*The problem*:
All of the data, word for word and free of pictures, is the expected result.

Data excerpts
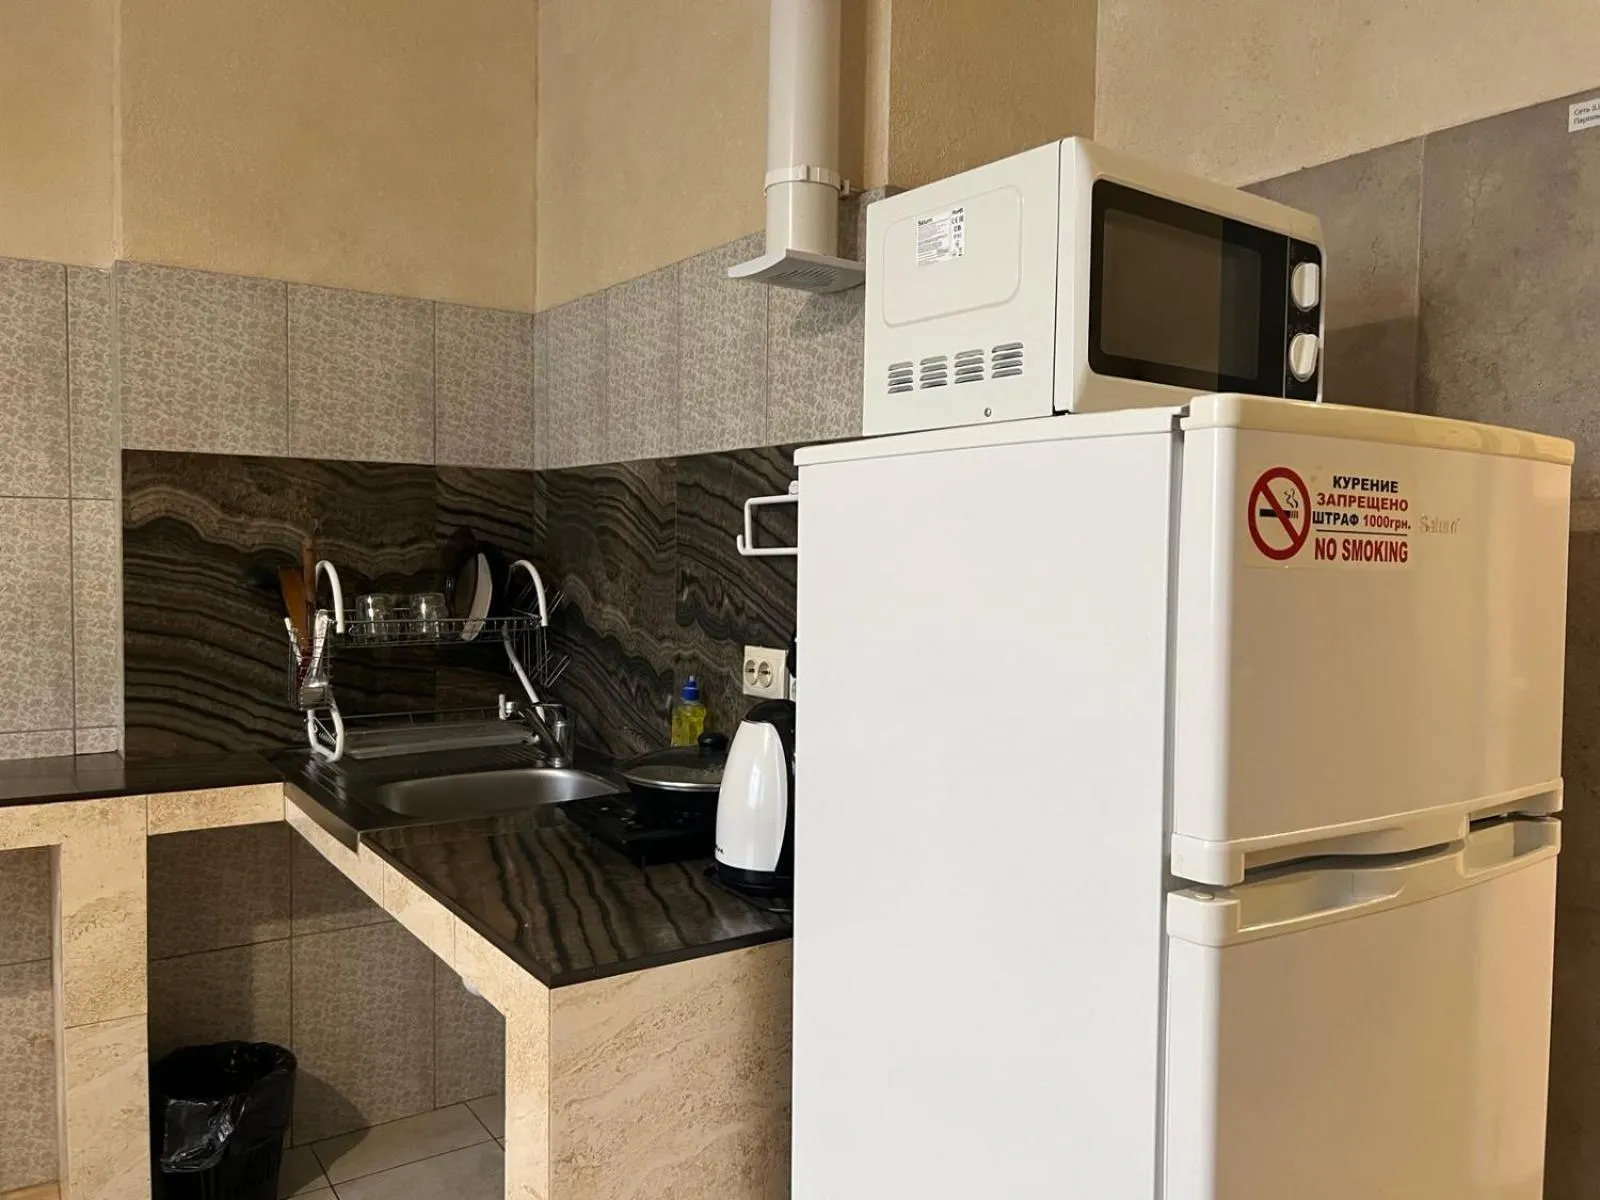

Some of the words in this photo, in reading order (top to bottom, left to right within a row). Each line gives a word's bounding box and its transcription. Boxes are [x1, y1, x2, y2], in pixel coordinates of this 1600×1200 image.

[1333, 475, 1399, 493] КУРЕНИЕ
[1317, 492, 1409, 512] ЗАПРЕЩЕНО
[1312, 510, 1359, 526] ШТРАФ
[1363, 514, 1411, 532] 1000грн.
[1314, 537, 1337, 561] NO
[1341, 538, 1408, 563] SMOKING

*Answer to this exercise*:
Some of the words in this photo, in reading order (top to bottom, left to right within a row). Each line gives a word's bounding box and its transcription. Boxes are [x1, y1, x2, y2], in pixel coordinates of this 1600×1200 image.

[1333, 475, 1399, 493] КУРЕНИЕ
[1317, 492, 1409, 512] ЗАПРЕЩЕНО
[1312, 510, 1359, 526] ШТРАФ
[1363, 514, 1411, 532] 1000грн.
[1314, 537, 1337, 561] NO
[1341, 538, 1408, 563] SMOKING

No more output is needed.